Accueil > Chroniques > Romanzo Criminale

Romanzo Criminale

Giancarlo De Cataldo (Métailié)

vendredi 17 février 2006


Une révélation. Pour le moins. Giancarlo De Cataldo est juge. A la cour d’assises de Rome. Il siège toujours. Tout à son honneur. Mais notre homme est surtout, depuis 1989, écrivain, et désormais célèbre avec l’adaptation cinématographique de ce Romanzo Criminale, roman d’une puissance ébouriffante. Il conte l’histoire de la « bande de Magliana », mauvais garçons des plus réels qui tentèrent de la fin des années 1970 au début des années 1990 d’imposer leur loi mafieuse à Rome.
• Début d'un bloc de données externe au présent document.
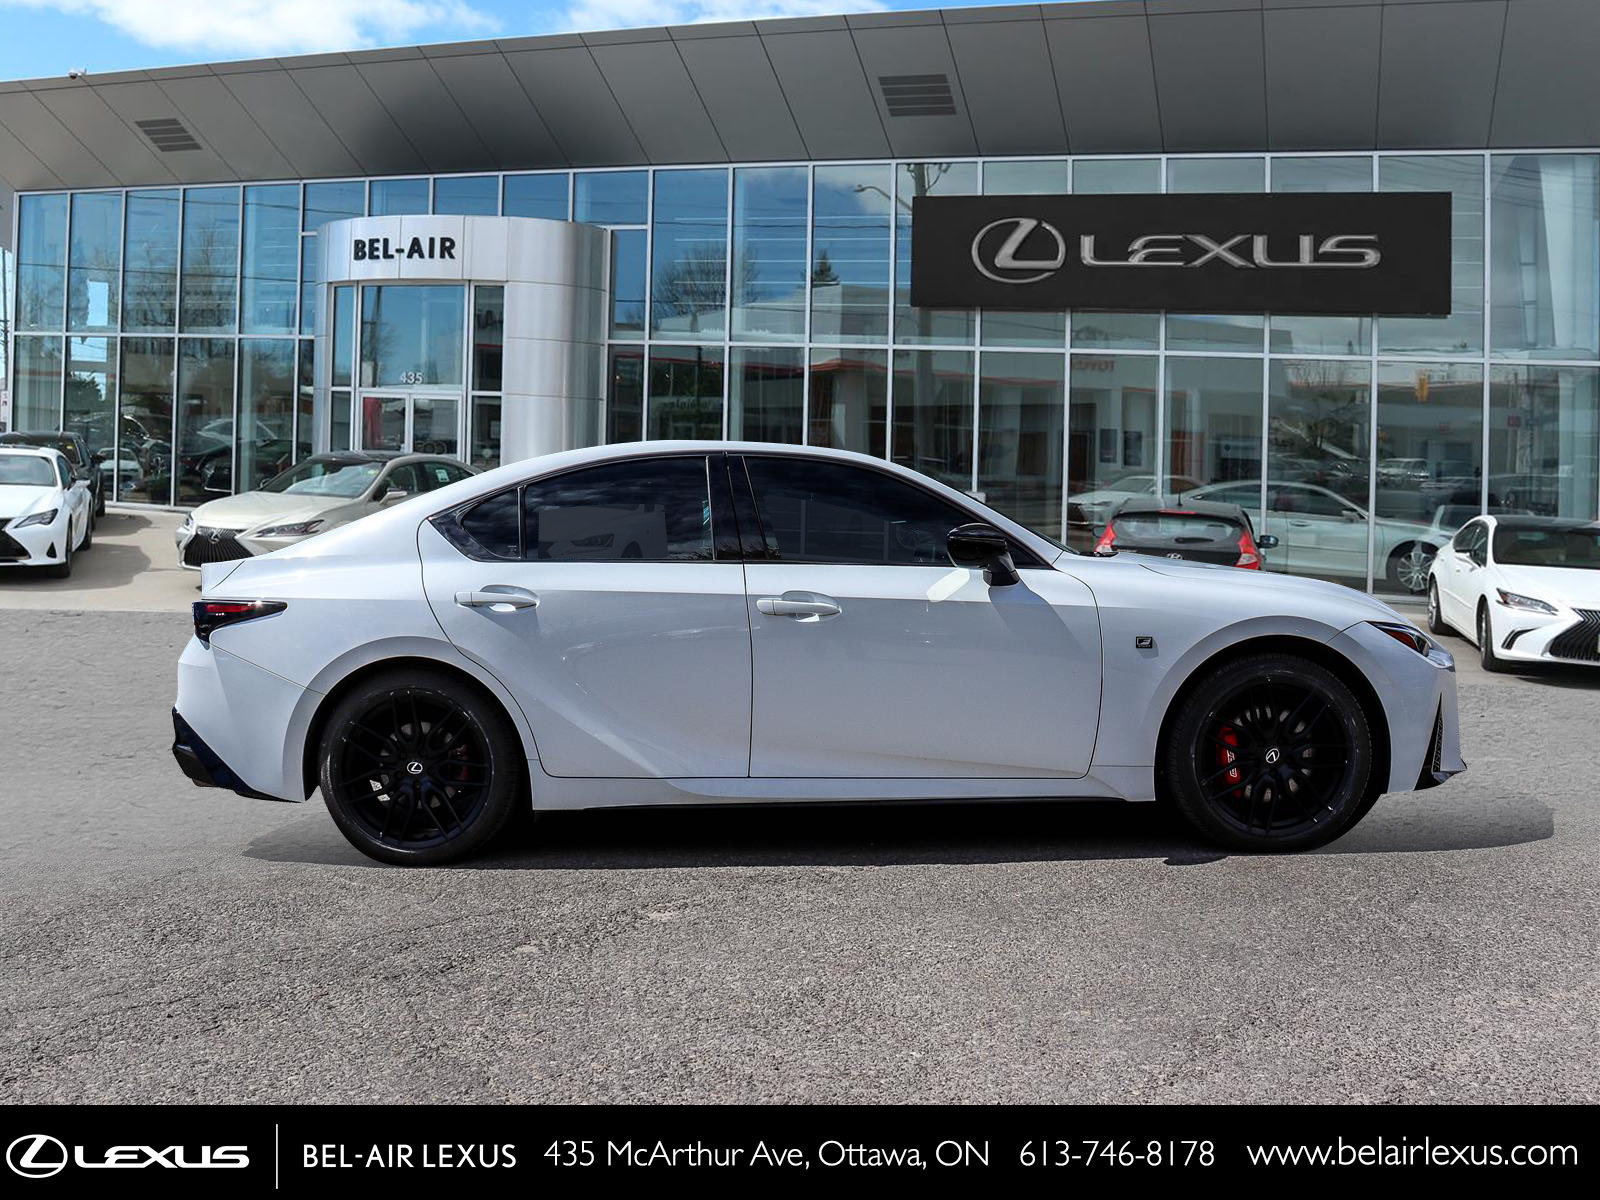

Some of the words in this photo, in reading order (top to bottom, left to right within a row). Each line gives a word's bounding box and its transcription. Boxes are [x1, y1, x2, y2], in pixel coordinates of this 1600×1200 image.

[353, 237, 456, 261] BEL-AIR
[1080, 234, 1381, 268] LEXUS
[400, 371, 423, 384] 435
On suit donc le Libanais, le Froid, le Dandy, le Buffle, le Noir et autres sbires dans leur basse besogne, compliquée par le contexte italien de l’époque. Car Romanzo Criminale est aussi une vue en coupe de cette Italie des années de plomb où se télescopent terrorisme noir et rouge, corruption politique et policière, méchantes accointances entre milieu et autorités. La bande pave d’abord sa réputation de cadavres brûlants, peine ensuite à nager dans des eaux trop troubles pour elle, et finit par ne pas survivre à ses dissensions internes, minée par des enjeux qui dépassent ces petits soldats du crime. Côté rue, tous les personnages sont magnifiquement campés, tous existent et ils sont pourtant nombreux. Côté cour, le flic et le magistrat idéalistes (qui perdront bien sûr leurs illusions) sont tout aussi magnifiques, engagés dans une partie qu’ils ne maîtrisent pas beaucoup plus que leurs adversaires. Entre les deux, une femme fatale qui explose tous les clichés du genre, comme la plupart des personnages féminins d’ailleurs. La seule facilité de l’affaire vient peut-être du personnage du Vieux, sorte de deus ex machina qui s’amuse à orienter le chaos, figure symbolique du pouvoir insaisissable, des ombres qui s’agitent toujours en coulisses et que rien, jamais, ne peut atteindre. Mais cette minuscule réserve n’enlève rien à cette épopée criminelle magistrale, plus forte que le plus rebondissant des thrillers, plus noire que le plus sombre des polars. Un roman monstrueux, drôle, surprenant, fascinant de bout en bout. Déjà et sans aucun doute un des plus grands livres de l’année.